_Supplied material_
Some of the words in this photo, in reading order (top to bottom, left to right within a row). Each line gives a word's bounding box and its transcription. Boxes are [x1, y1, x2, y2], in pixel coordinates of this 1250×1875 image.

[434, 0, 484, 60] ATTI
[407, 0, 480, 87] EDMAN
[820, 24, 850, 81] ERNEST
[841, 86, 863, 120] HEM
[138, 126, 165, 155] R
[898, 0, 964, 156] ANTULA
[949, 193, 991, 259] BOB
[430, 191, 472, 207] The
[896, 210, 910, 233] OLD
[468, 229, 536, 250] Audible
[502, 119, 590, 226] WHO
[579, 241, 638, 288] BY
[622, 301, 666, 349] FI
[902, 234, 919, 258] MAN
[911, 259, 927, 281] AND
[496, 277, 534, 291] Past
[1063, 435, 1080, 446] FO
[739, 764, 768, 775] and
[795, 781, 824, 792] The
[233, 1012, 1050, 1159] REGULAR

_What to do_
Write out the entire listing exactly.

_Answer for the task_
Some of the words in this photo, in reading order (top to bottom, left to right within a row). Each line gives a word's bounding box and its transcription. Boxes are [x1, y1, x2, y2], in pixel coordinates of this 1250×1875 image.

[434, 0, 484, 60] ATTI
[407, 0, 480, 87] EDMAN
[820, 24, 850, 81] ERNEST
[841, 86, 863, 120] HEM
[138, 126, 165, 155] R
[898, 0, 964, 156] ANTULA
[949, 193, 991, 259] BOB
[430, 191, 472, 207] The
[896, 210, 910, 233] OLD
[468, 229, 536, 250] Audible
[502, 119, 590, 226] WHO
[579, 241, 638, 288] BY
[622, 301, 666, 349] FI
[902, 234, 919, 258] MAN
[911, 259, 927, 281] AND
[496, 277, 534, 291] Past
[1063, 435, 1080, 446] FO
[739, 764, 768, 775] and
[795, 781, 824, 792] The
[233, 1012, 1050, 1159] REGULAR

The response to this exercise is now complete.